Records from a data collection
----

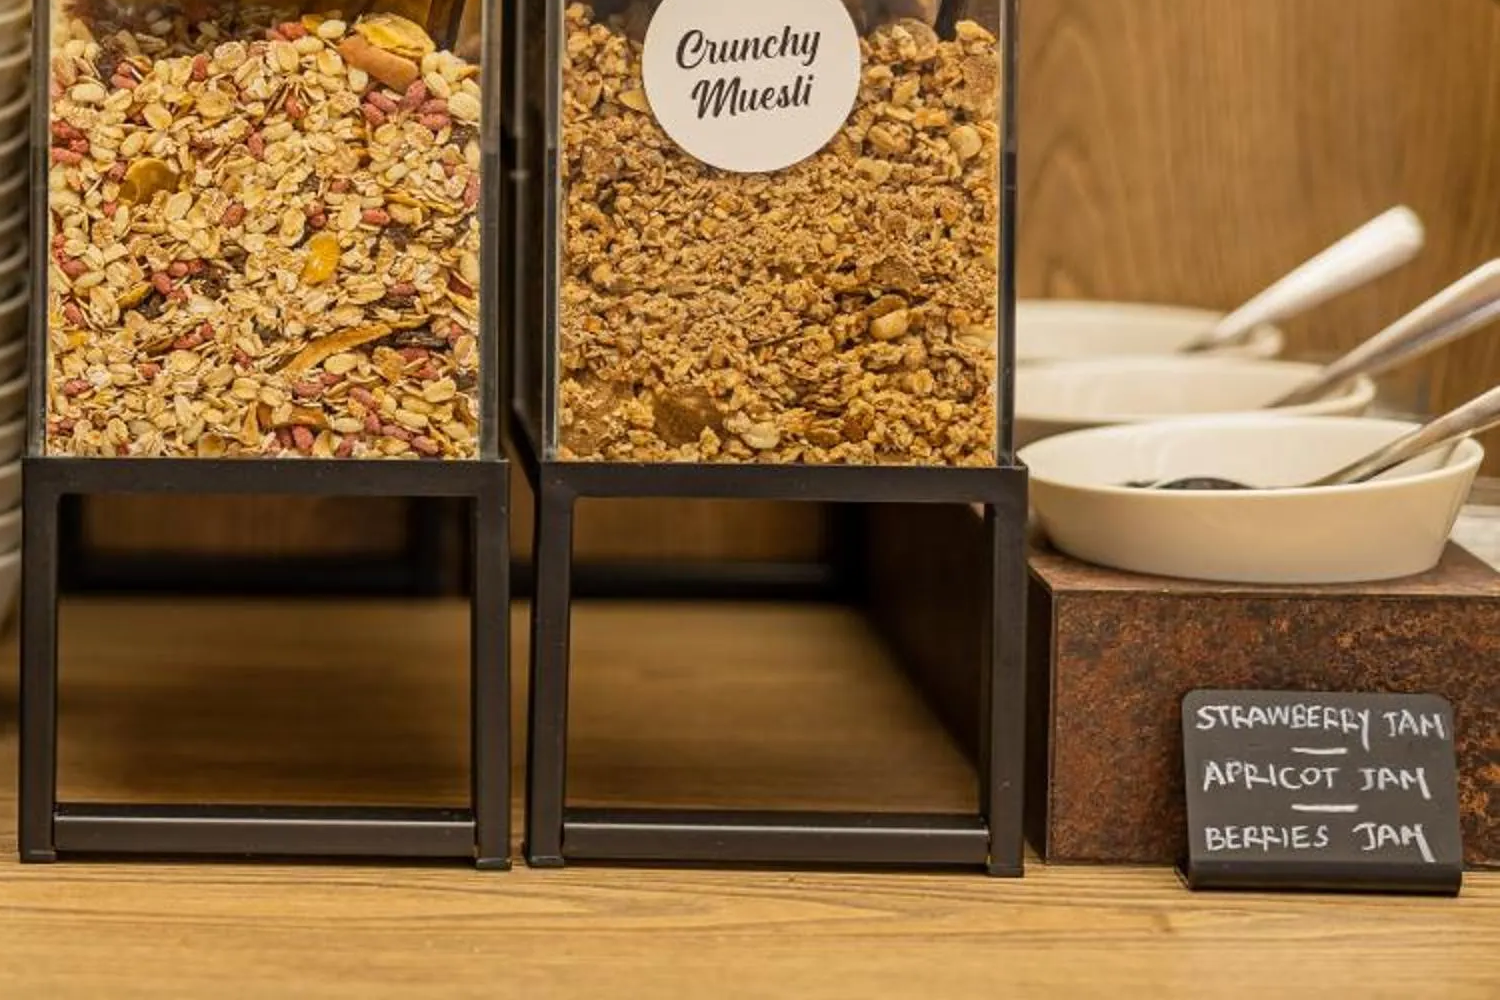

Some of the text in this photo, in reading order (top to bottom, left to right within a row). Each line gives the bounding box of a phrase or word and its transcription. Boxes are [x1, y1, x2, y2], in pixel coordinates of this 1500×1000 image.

[676, 25, 821, 70] Crunchy
[691, 74, 814, 120] Muesli
[1196, 704, 1445, 751] STRAWBERRY JAM
[1203, 761, 1432, 800] APRICOT JAM
[1205, 822, 1437, 863] BERRIES JAM
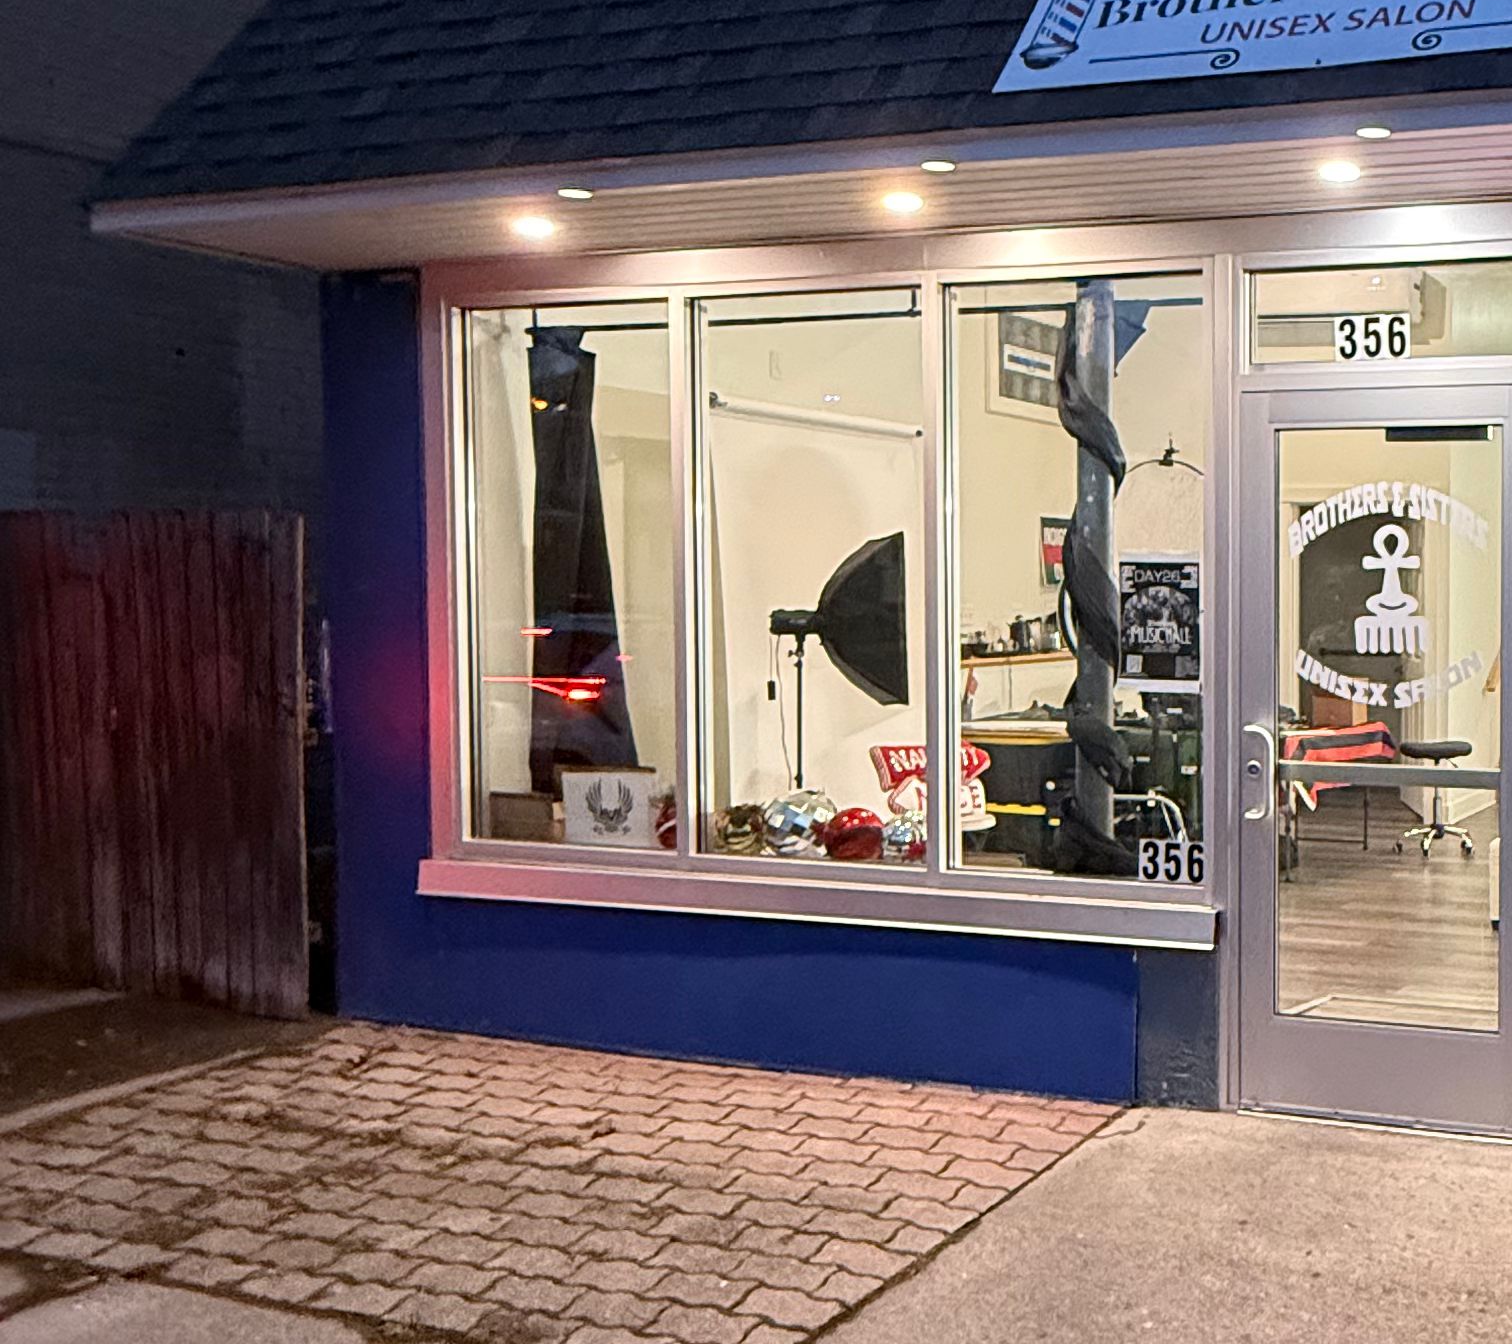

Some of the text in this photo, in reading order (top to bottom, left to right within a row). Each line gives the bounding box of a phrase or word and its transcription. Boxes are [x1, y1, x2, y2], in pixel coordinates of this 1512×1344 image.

[1200, 11, 1335, 44] UNISEX
[1339, 317, 1406, 359] 356
[1288, 481, 1389, 560] BROTHERS
[1392, 481, 1405, 518] &
[1296, 649, 1484, 708] UNISEX SAON
[1143, 842, 1203, 883] 356

----

What is expected:
Exactly as written, give the line containing "this 1512×1344 image." and all remaining lines of the records.

Task response:
Some of the text in this photo, in reading order (top to bottom, left to right within a row). Each line gives the bounding box of a phrase or word and its transcription. Boxes are [x1, y1, x2, y2], in pixel coordinates of this 1512×1344 image.

[1200, 11, 1335, 44] UNISEX
[1339, 317, 1406, 359] 356
[1288, 481, 1389, 560] BROTHERS
[1392, 481, 1405, 518] &
[1296, 649, 1484, 708] UNISEX SAON
[1143, 842, 1203, 883] 356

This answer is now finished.